Speaking at the London School of Economics on May 18th, Dorling, the Oxford Professor of Human Geography argued that the negative effects of inequality in Britain were now so evident that the public and politicians alike were turning their backs on the ‘greed is good’ mantra of the 1980s and 90s.

“You can’t argue any more that if you just create the conditions for the rich to get richer, their wealth will trickle down and we’ll all be better off. We’ve been trying that for the last 30 years in this country and the results have been disastrous,” said Dorling.

Even the Tories, argues Dorling, have acknowledged the public’s appetite for greater fairness by aping the language of the centre and left in their 2017 manifesto and election campaign, using words such as ‘mainstream’ and ‘working people’ in between renditions of ‘strong and stable’.

“There’s been a real shift in moral attitudes.
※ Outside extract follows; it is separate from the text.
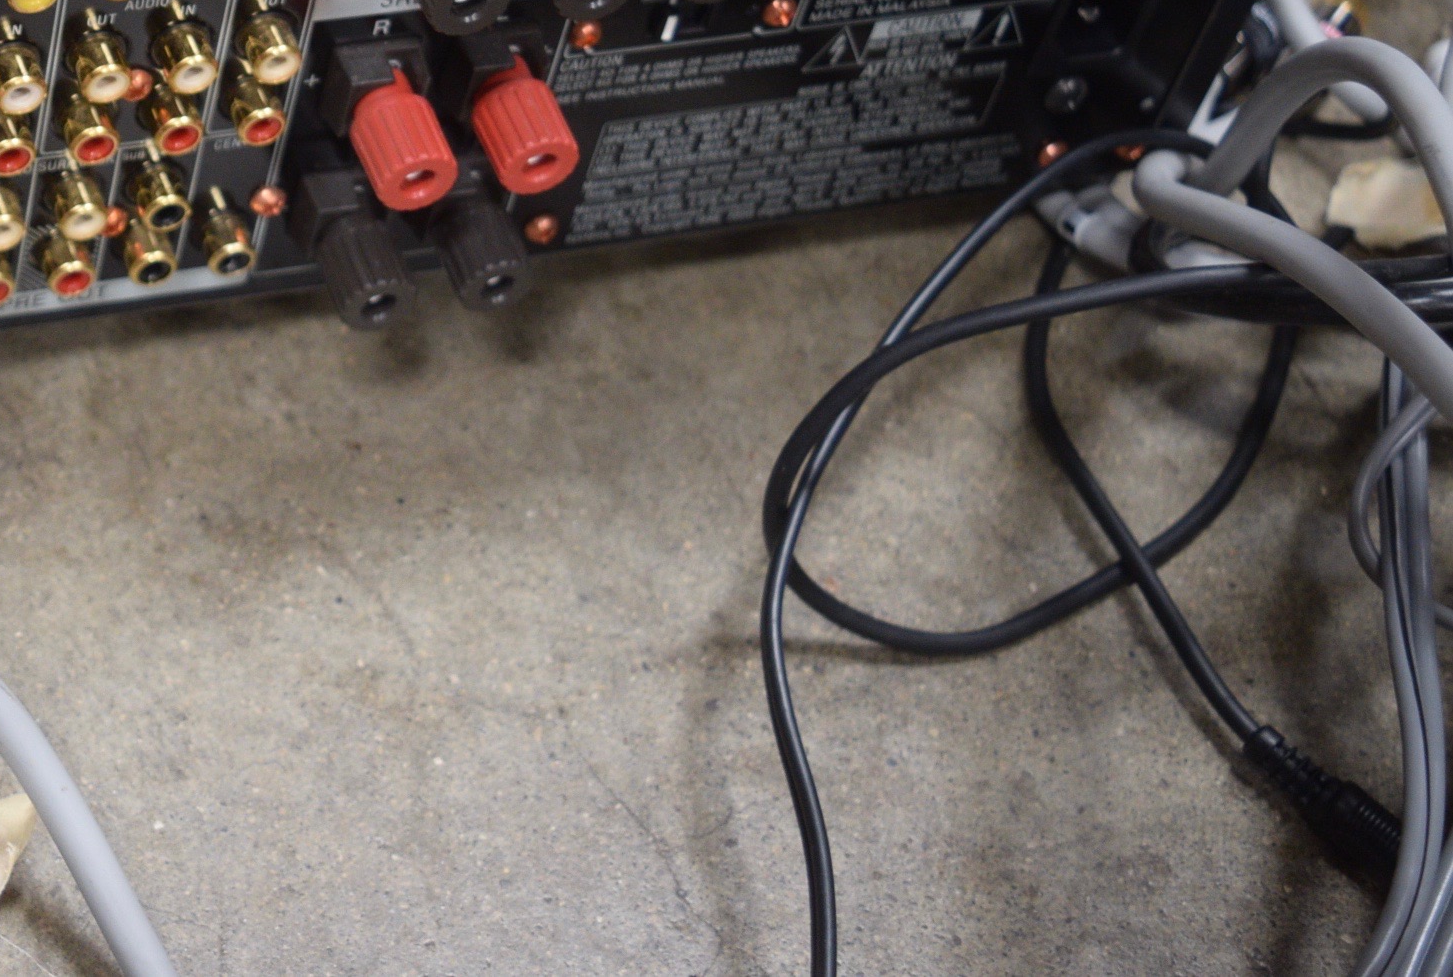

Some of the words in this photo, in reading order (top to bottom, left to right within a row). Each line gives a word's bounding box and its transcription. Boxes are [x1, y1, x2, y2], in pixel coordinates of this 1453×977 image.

When people see someone now with a number plate that says ‘Rich1’ they pity him, they don’t think he’s done well like they used to. You don’t hear stories about bankers not far from here drinking £10,000 bottles of champagne anymore either,” he said.  

Subtle changes in economic data are also hinting that our wealthiest people are starting to feel a little coyer about their riches. The share of income of Britain’s richest one per cent dropped from 15.4% in 2007 to 12.7% by 2012, with the most likely explanation being that this elite group found new ways to hide their earnings. (Dorling, 2017, p35) This squirrelling away of funds may not represent any great change of heart among members of this group, but Dorling views it as evidence that our richest citizens are at least aware that their incomes are coming under new and vigorous scrutiny. Dorling points out that pay ratios are now published annually for civil servants by government department in the UK and that so far they have fallen as the pay of the person at the top of each UK ministry has been frozen while the median pay continues to rise very slightly. (Dorling, 2017, p256)

Meanwhile in the US the average pay gap between bosses and workers fell between 2014 and 2015, while during the same period the average pay of CEOs in the US’s top 500  companies fell from being 373 to 335 times higher than the average worker. (Dorling, 2017, p43)

There are signs of a shift elsewhere as well.  The richest one per cent in China and India have also recorded drops in their incomes, most probably for the same reasons as Britain’s top one per cent. On a global level too, there have been improvements. Branko Milanovic, the lead economist in the World Bank’s research department, showed that inequality fell between 1988 and 2008 as people in the second poorest and middle fifths of the global income distribution recorded increases in their income of between 20% and 75%. (Dorling, 2017, p31)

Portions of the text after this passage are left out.